──────── EXERCISE INPUT
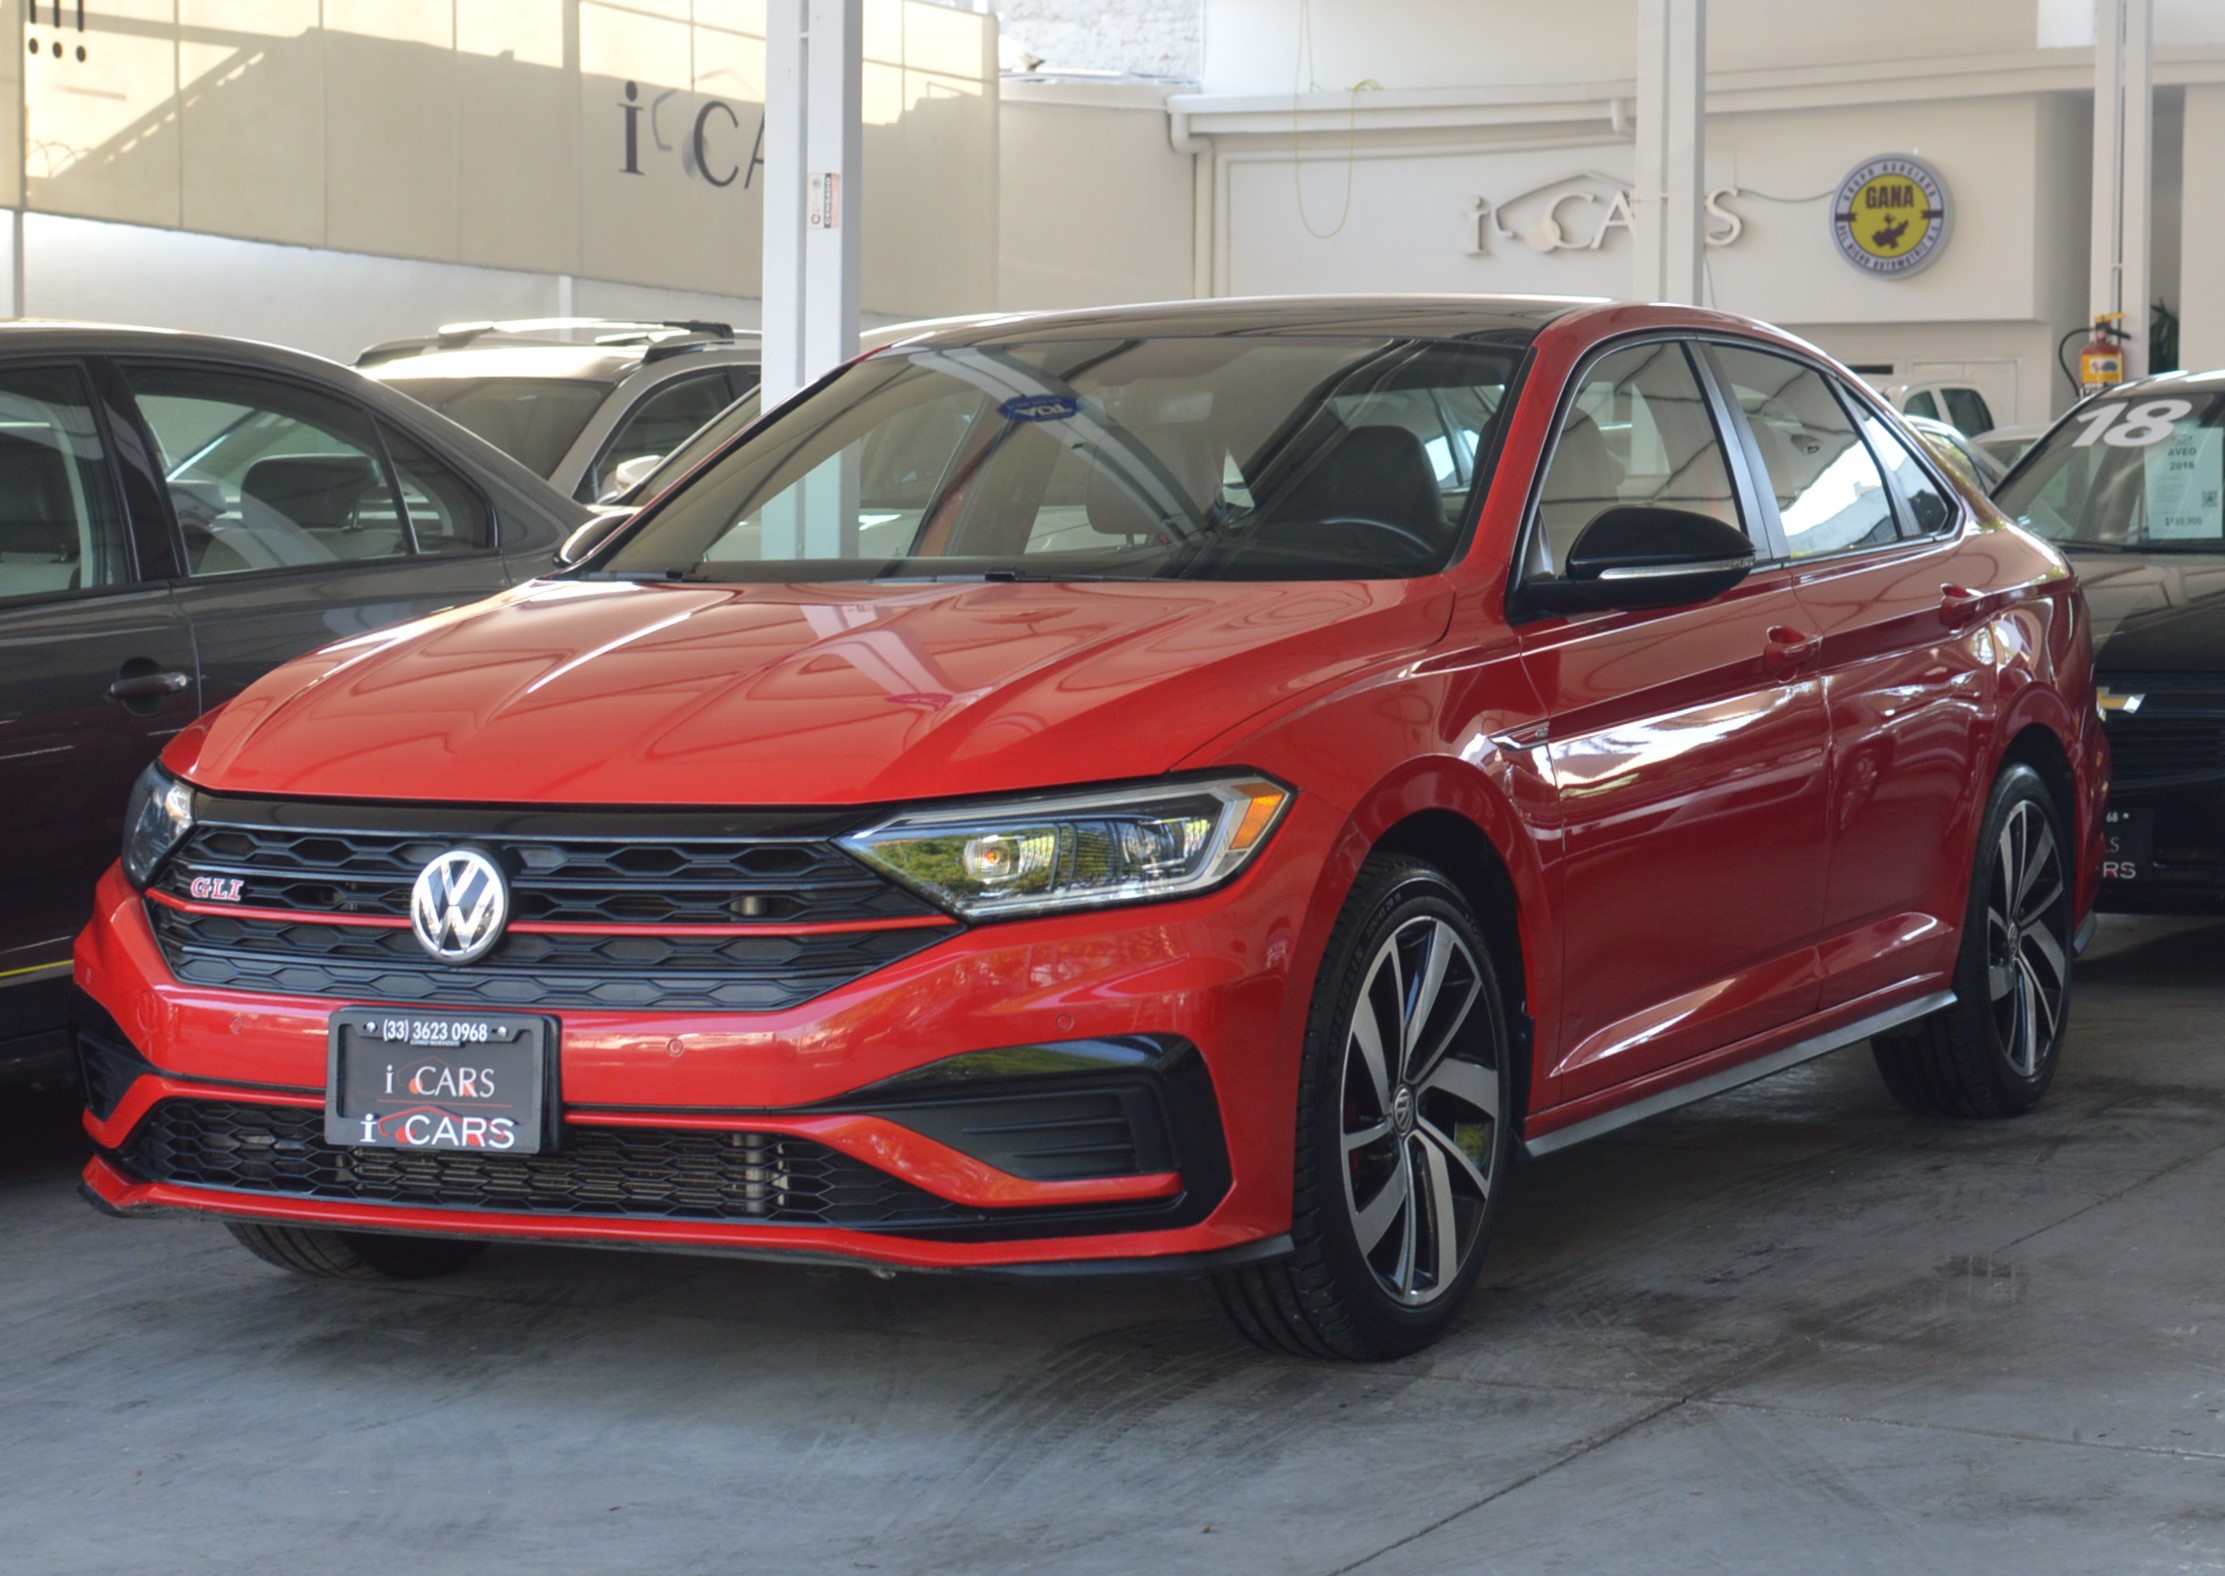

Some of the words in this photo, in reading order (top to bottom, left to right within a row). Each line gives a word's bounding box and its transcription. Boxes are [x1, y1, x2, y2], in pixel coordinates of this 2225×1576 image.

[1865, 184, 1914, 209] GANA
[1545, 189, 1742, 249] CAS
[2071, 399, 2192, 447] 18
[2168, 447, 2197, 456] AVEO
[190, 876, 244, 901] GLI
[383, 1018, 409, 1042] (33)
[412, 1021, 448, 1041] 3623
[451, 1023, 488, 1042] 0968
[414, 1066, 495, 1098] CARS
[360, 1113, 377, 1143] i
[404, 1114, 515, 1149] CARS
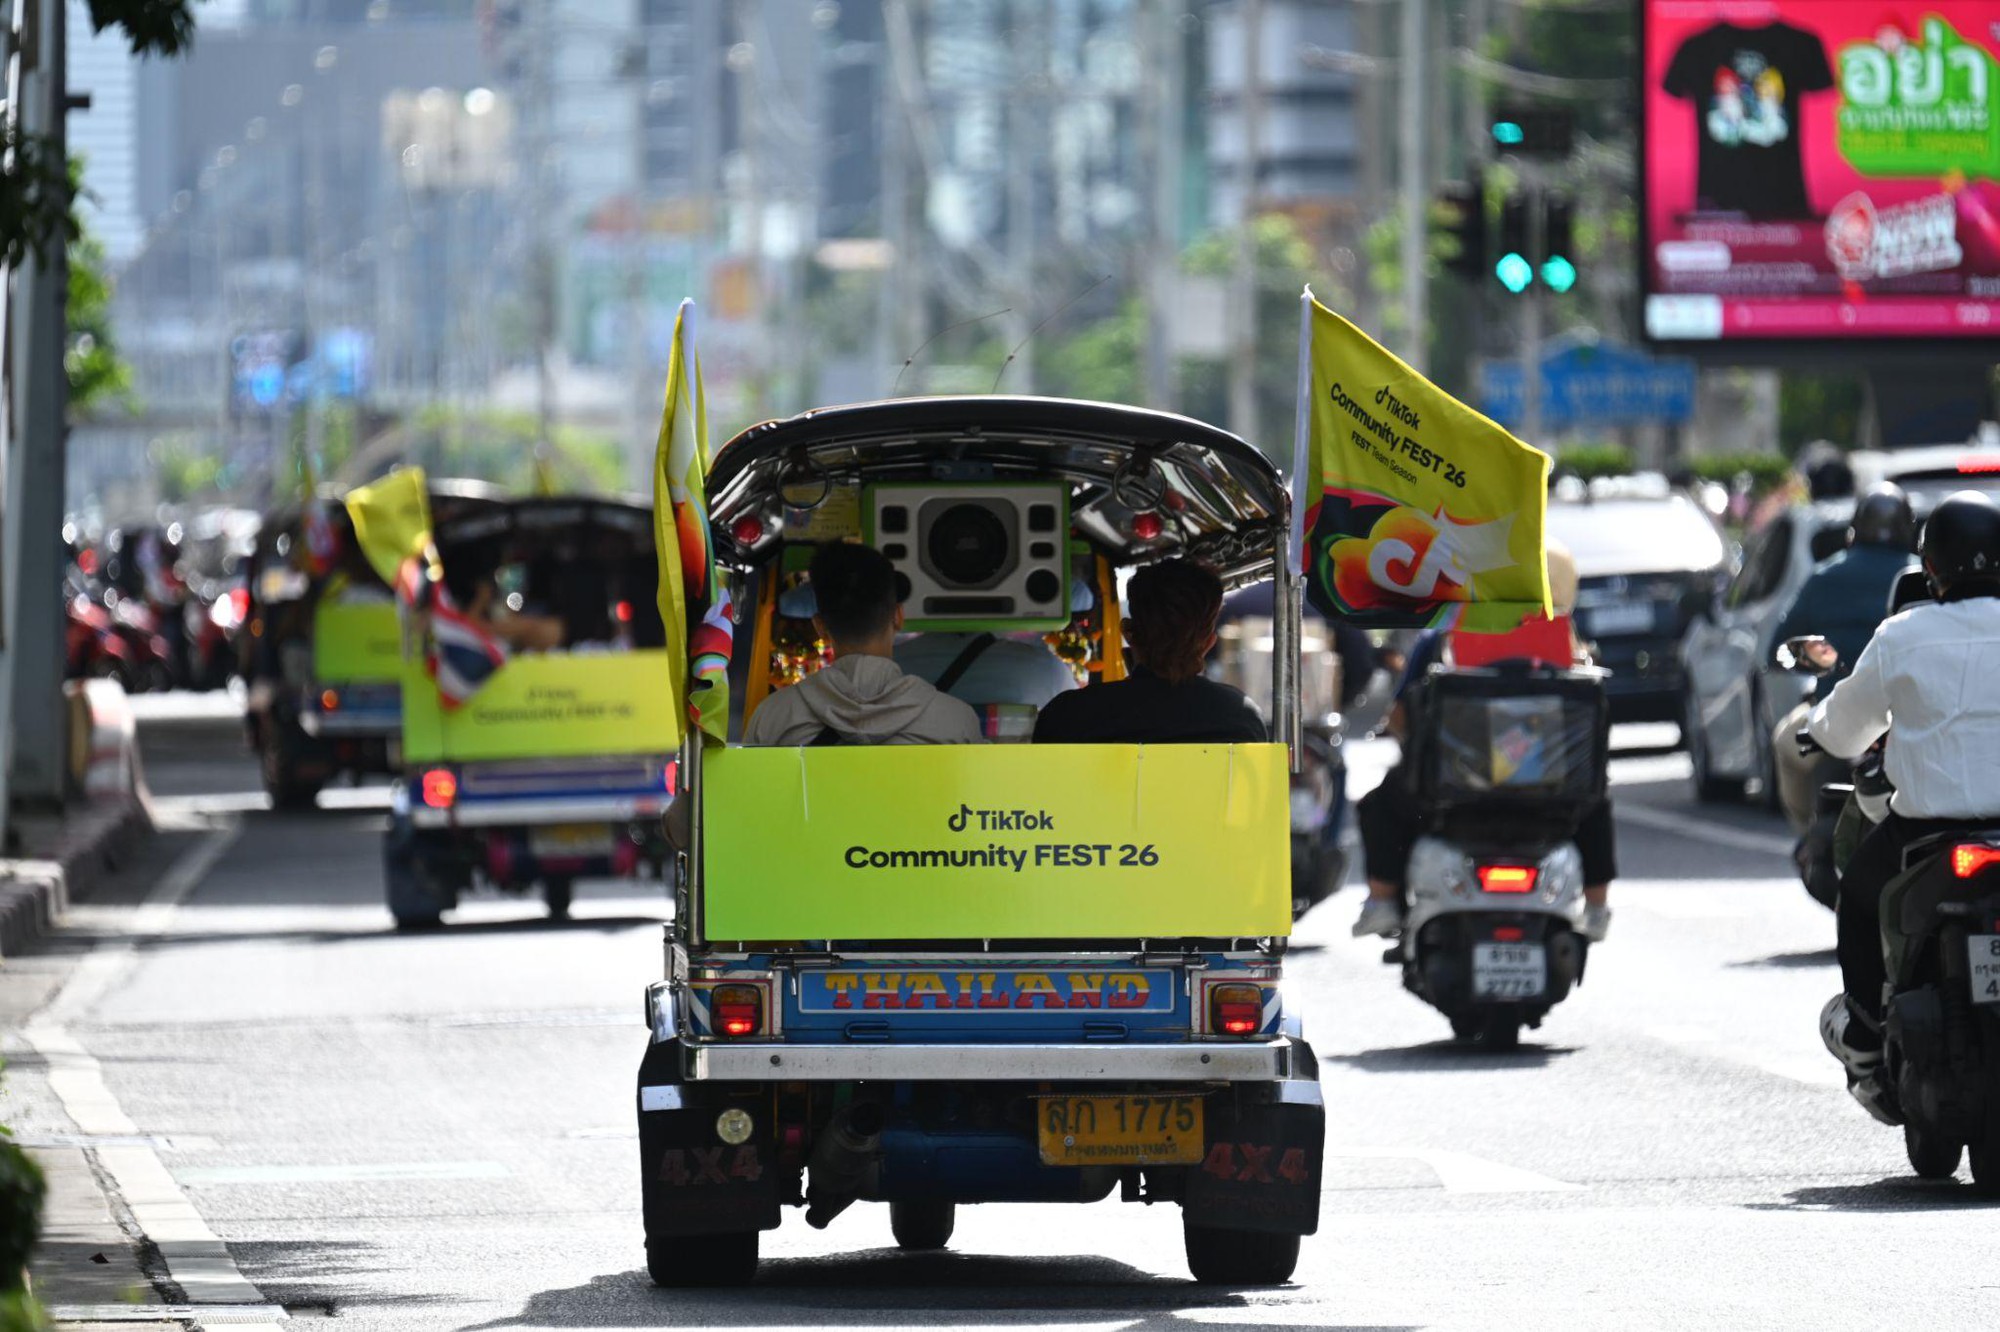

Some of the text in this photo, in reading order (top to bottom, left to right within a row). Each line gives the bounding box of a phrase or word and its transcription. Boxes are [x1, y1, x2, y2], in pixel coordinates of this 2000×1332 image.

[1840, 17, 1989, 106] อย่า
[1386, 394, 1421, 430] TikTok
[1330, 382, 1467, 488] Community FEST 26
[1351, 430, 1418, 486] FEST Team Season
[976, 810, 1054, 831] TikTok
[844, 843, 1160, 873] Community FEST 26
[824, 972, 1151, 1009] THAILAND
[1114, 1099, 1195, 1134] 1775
────────────────
▸ WORK ORDER
For every entry, return its exact wording and leave out any image.

▸ RESULT OF THE TASK
Some of the words in this photo, in reading order (top to bottom, left to right within a row). Each line gives a word's bounding box and its transcription. Boxes are [x1, y1, x2, y2], in pixel coordinates of this 2225×1576 image.

[1865, 184, 1914, 209] GANA
[1545, 189, 1742, 249] CAS
[2071, 399, 2192, 447] 18
[2168, 447, 2197, 456] AVEO
[190, 876, 244, 901] GLI
[383, 1018, 409, 1042] (33)
[412, 1021, 448, 1041] 3623
[451, 1023, 488, 1042] 0968
[414, 1066, 495, 1098] CARS
[360, 1113, 377, 1143] i
[404, 1114, 515, 1149] CARS

Some of the text in this photo, in reading order (top to bottom, left to right within a row). Each line gives the bounding box of a phrase or word and its transcription. Boxes are [x1, y1, x2, y2], in pixel coordinates of this 2000×1332 image.

[1840, 17, 1989, 106] อย่า
[1386, 394, 1421, 430] TikTok
[1330, 382, 1467, 488] Community FEST 26
[1351, 430, 1418, 486] FEST Team Season
[976, 810, 1054, 831] TikTok
[844, 843, 1160, 873] Community FEST 26
[824, 972, 1151, 1009] THAILAND
[1114, 1099, 1195, 1134] 1775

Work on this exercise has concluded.